[WHAT IS REQUIRED]
Output the records below in full, word for word; pictures do not belong in it.

[Records contained in a dataset]

▬▬▬▬▬▬

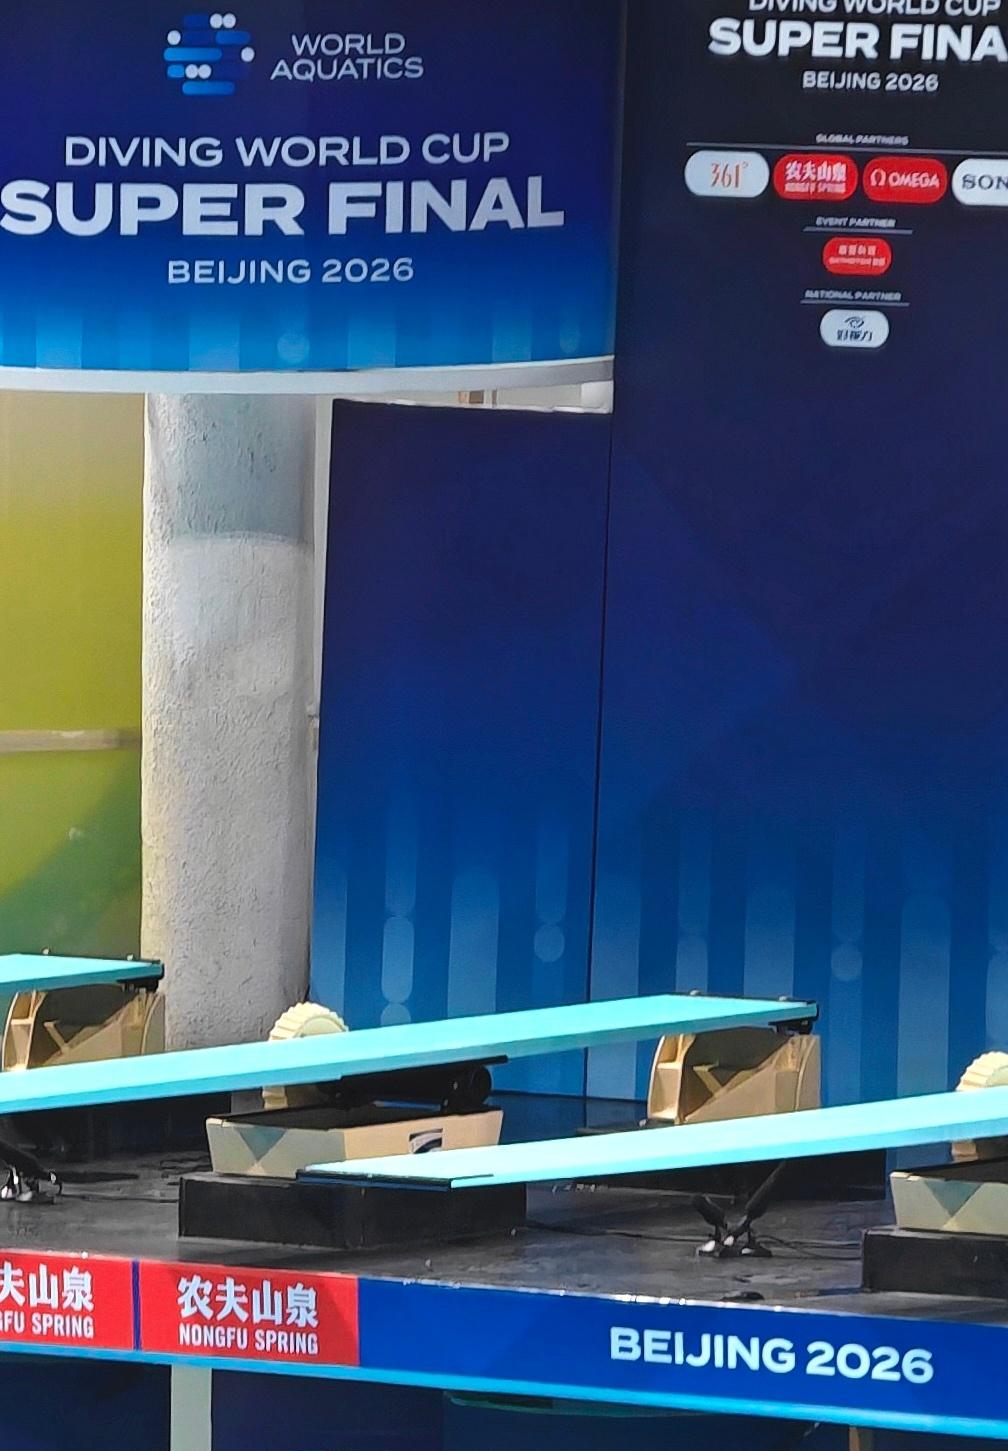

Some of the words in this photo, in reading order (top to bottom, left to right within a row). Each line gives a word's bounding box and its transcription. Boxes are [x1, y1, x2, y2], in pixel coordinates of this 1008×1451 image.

[291, 33, 405, 56] WORLD
[708, 17, 879, 58] SUPER
[890, 23, 1008, 62] FINA
[270, 57, 424, 82] AQUATICS
[803, 70, 881, 90] BEIJING
[885, 72, 939, 92] 2026
[64, 135, 222, 167] DIVING
[235, 135, 410, 166] WORLD
[421, 132, 510, 164] CUP
[888, 172, 940, 188] OMEGA
[327, 176, 566, 236] FINAL
[168, 260, 311, 284] BEIJING
[322, 258, 414, 282] 2026
[177, 1274, 319, 1329] 农夫山泉
[31, 1313, 94, 1339] SPRING
[178, 1323, 248, 1349] NONGFU
[255, 1330, 319, 1356] SPRING
[610, 1326, 795, 1374] BEIJING
[806, 1340, 934, 1384] 2026
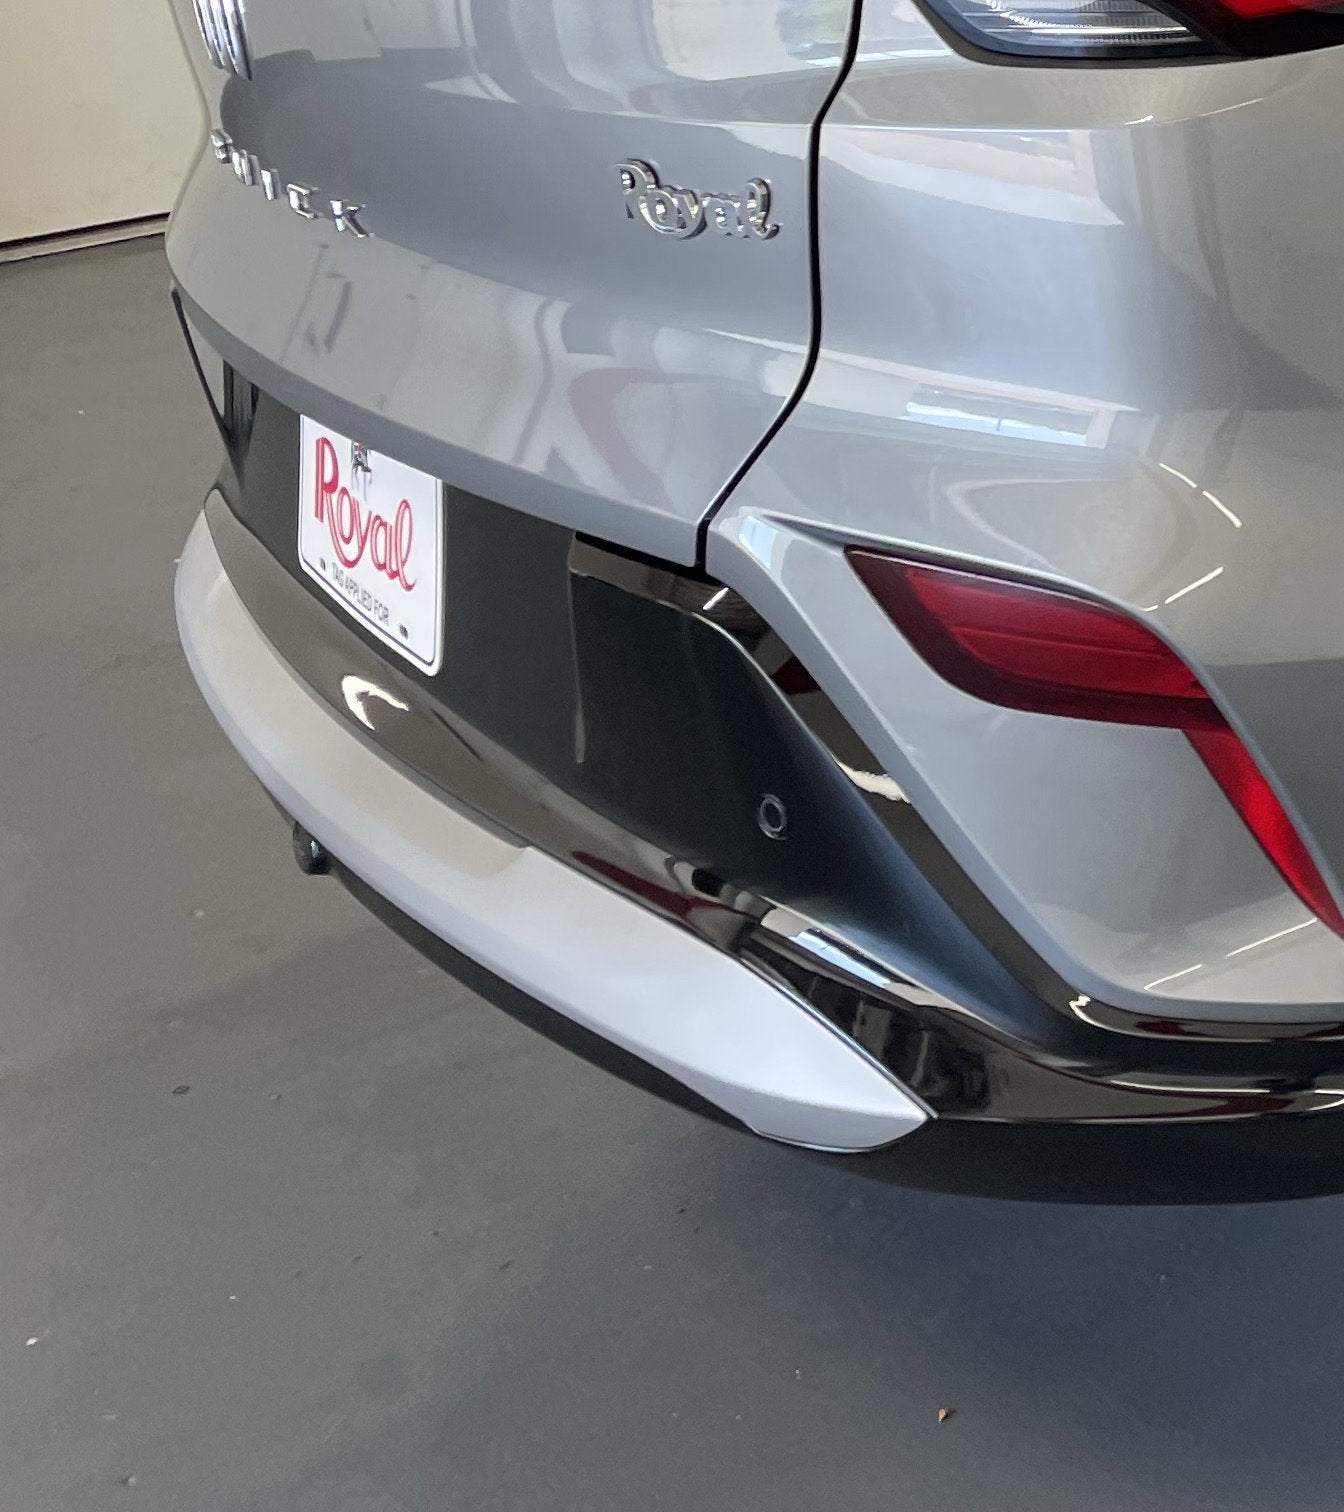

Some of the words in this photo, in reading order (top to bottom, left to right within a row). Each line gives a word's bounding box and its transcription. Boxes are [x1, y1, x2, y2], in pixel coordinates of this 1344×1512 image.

[209, 128, 376, 239] BUICK
[613, 157, 782, 240] Royal
[314, 436, 417, 592] Royal

▬▬▬▬▬▬

[EXERCISE OUTPUT]
Some of the words in this photo, in reading order (top to bottom, left to right within a row). Each line gives a word's bounding box and its transcription. Boxes are [x1, y1, x2, y2], in pixel coordinates of this 1008×1451 image.

[291, 33, 405, 56] WORLD
[708, 17, 879, 58] SUPER
[890, 23, 1008, 62] FINA
[270, 57, 424, 82] AQUATICS
[803, 70, 881, 90] BEIJING
[885, 72, 939, 92] 2026
[64, 135, 222, 167] DIVING
[235, 135, 410, 166] WORLD
[421, 132, 510, 164] CUP
[888, 172, 940, 188] OMEGA
[327, 176, 566, 236] FINAL
[168, 260, 311, 284] BEIJING
[322, 258, 414, 282] 2026
[177, 1274, 319, 1329] 农夫山泉
[31, 1313, 94, 1339] SPRING
[178, 1323, 248, 1349] NONGFU
[255, 1330, 319, 1356] SPRING
[610, 1326, 795, 1374] BEIJING
[806, 1340, 934, 1384] 2026

Some of the words in this photo, in reading order (top to bottom, left to right within a row). Each line gives a word's bounding box and its transcription. Boxes are [x1, y1, x2, y2], in pixel coordinates of this 1344×1512 image.

[209, 128, 376, 239] BUICK
[613, 157, 782, 240] Royal
[314, 436, 417, 592] Royal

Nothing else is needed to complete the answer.